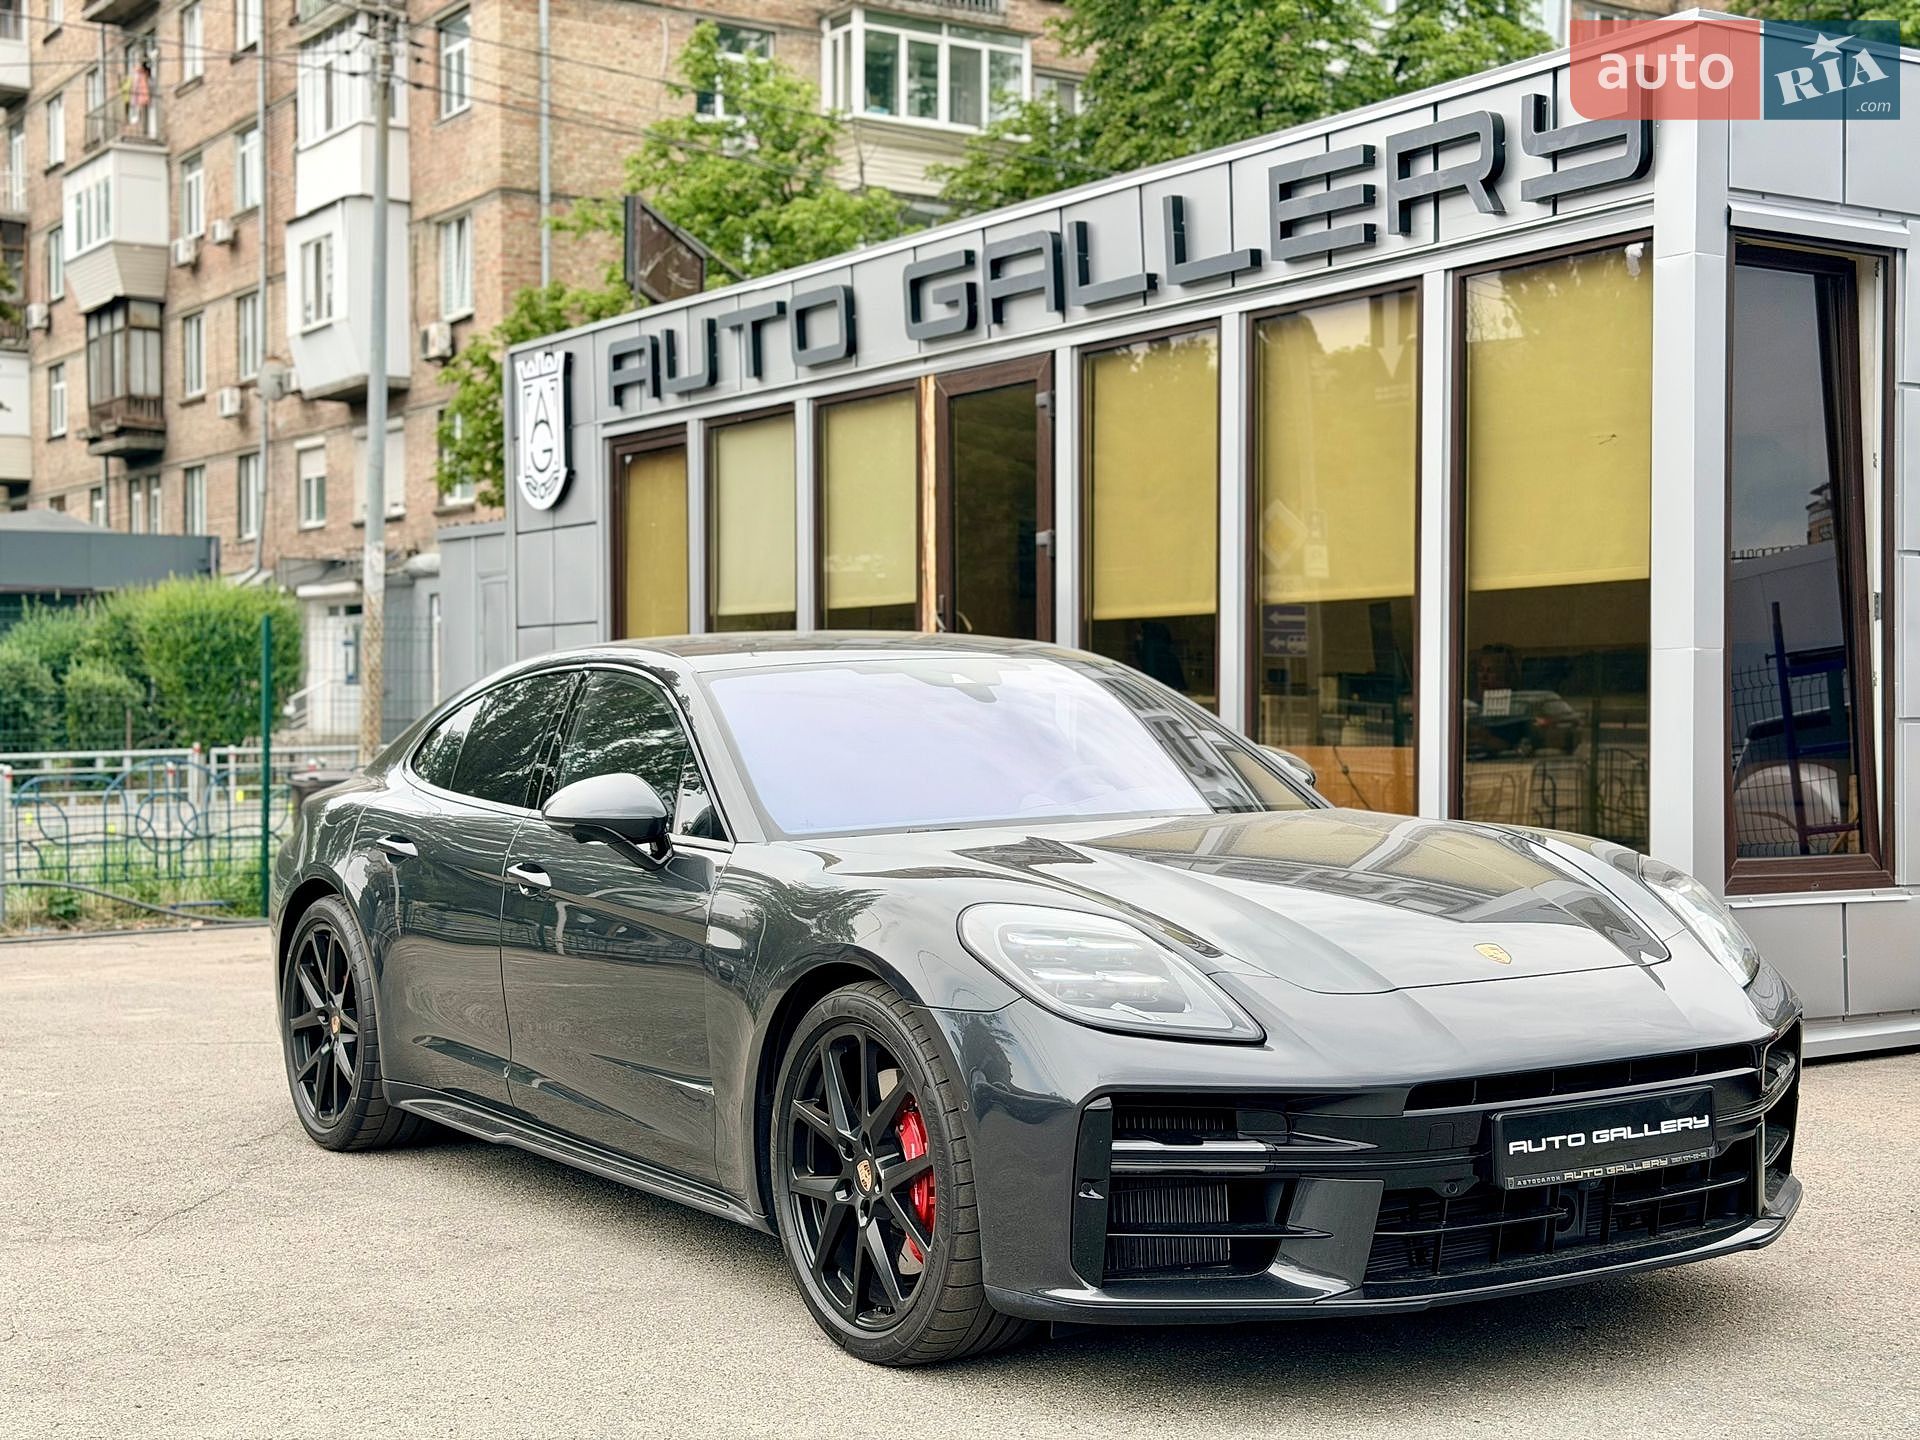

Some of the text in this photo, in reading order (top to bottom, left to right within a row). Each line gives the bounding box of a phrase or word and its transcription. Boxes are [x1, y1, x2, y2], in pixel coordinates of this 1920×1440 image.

[607, 64, 1654, 408] AUTO GALLERY
[1509, 1115, 1709, 1155] AUTO GALLERY
[1564, 1168, 1603, 1180] AUTO
[1606, 1157, 1668, 1175] GALLERY
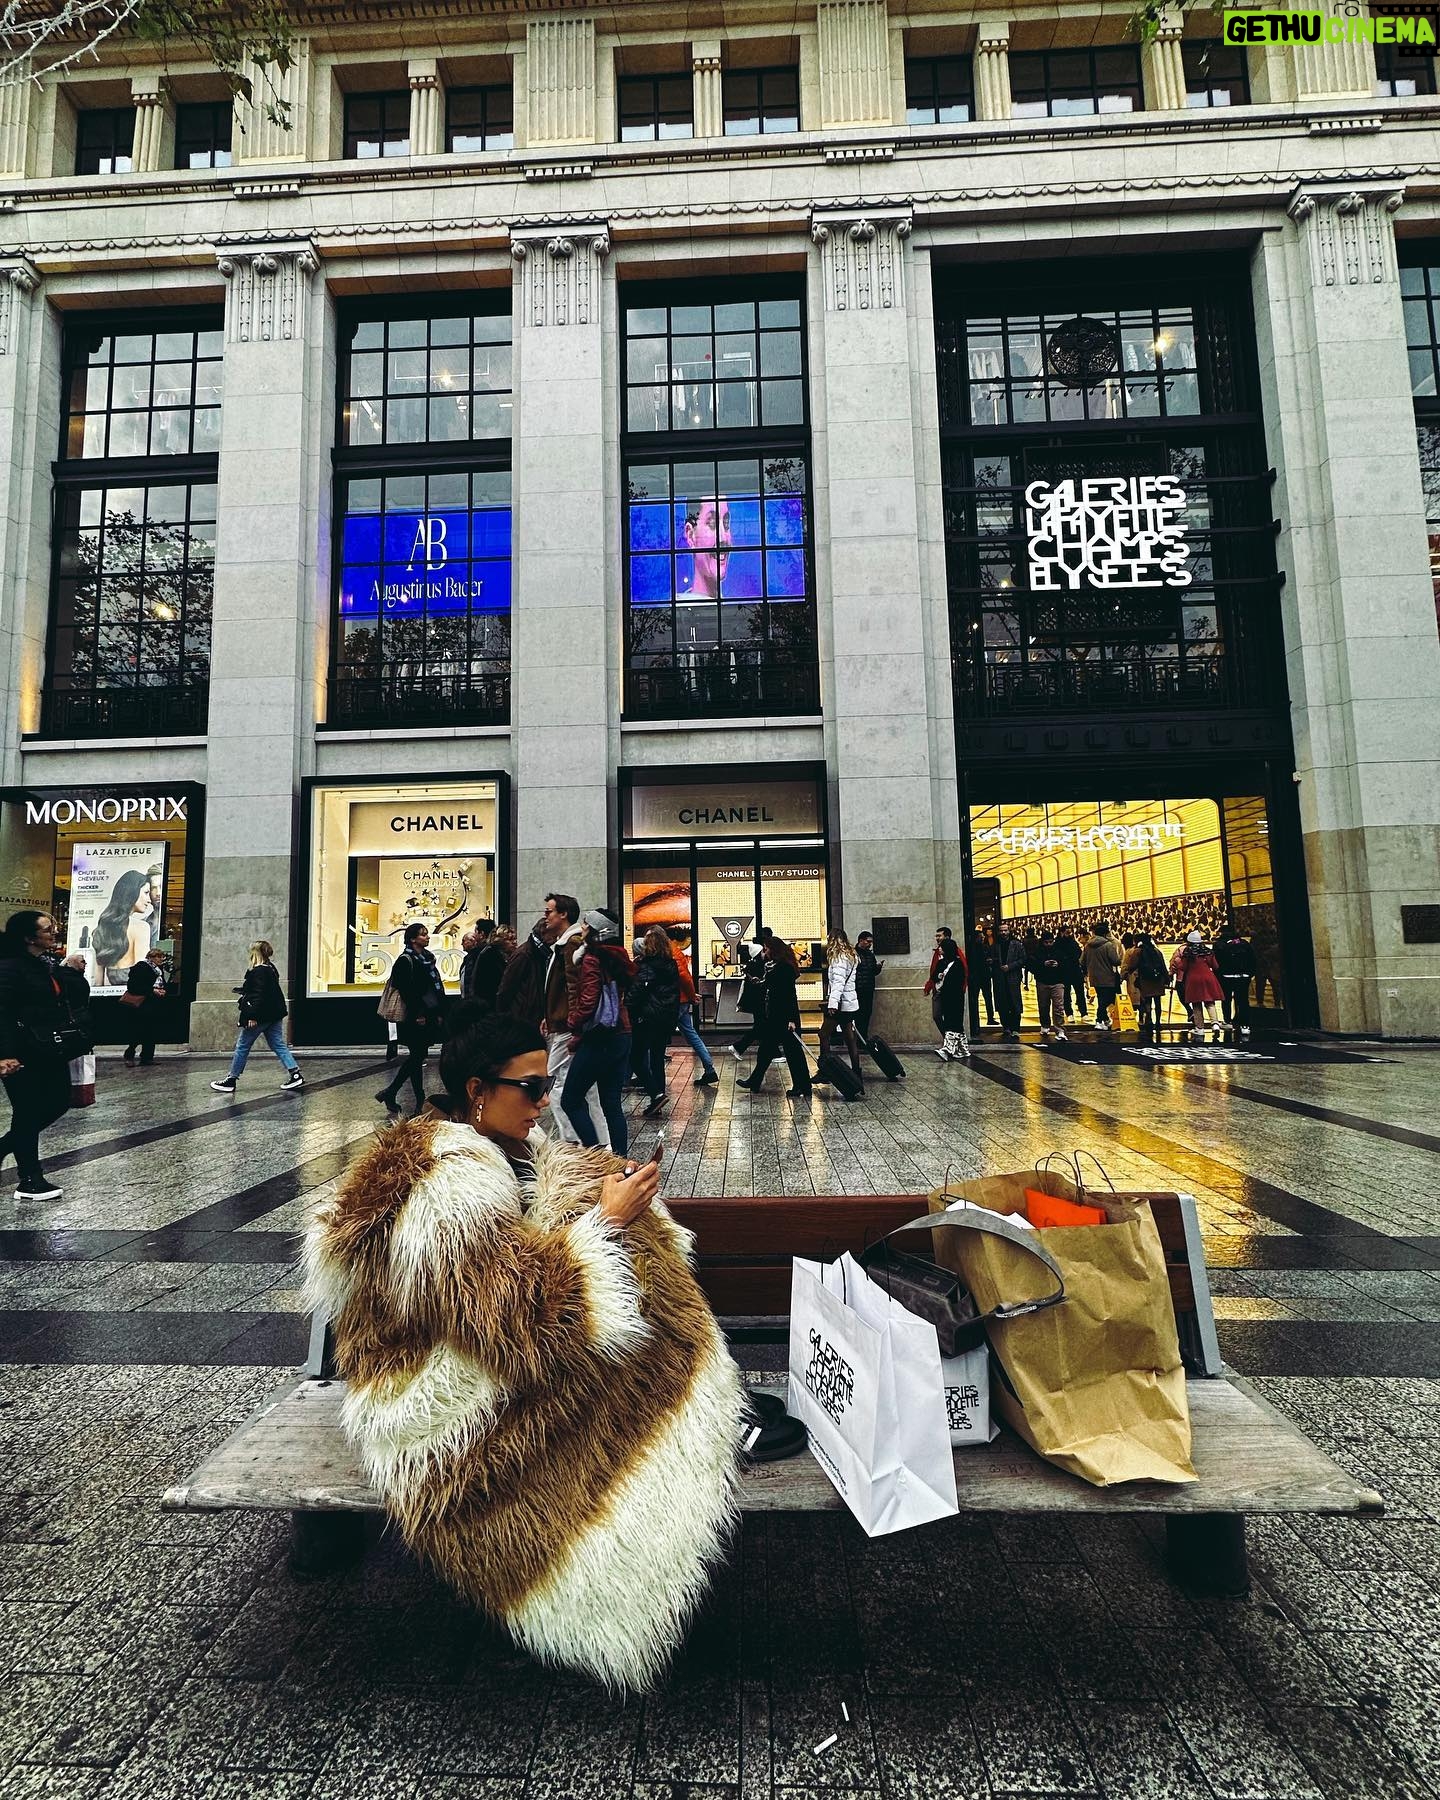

══════════

## The task
A verbatim copy of the data, with all pictures omitted, is the required output.

## Exercise response
Some of the text in this photo, in reading order (top to bottom, left to right within a row). Each line gives the bounding box of a phrase or word and its transcription. Boxes are [x1, y1, x2, y2], in pixel coordinates of this 1920×1440 image.

[607, 64, 1654, 408] AUTO GALLERY
[1509, 1115, 1709, 1155] AUTO GALLERY
[1564, 1168, 1603, 1180] AUTO
[1606, 1157, 1668, 1175] GALLERY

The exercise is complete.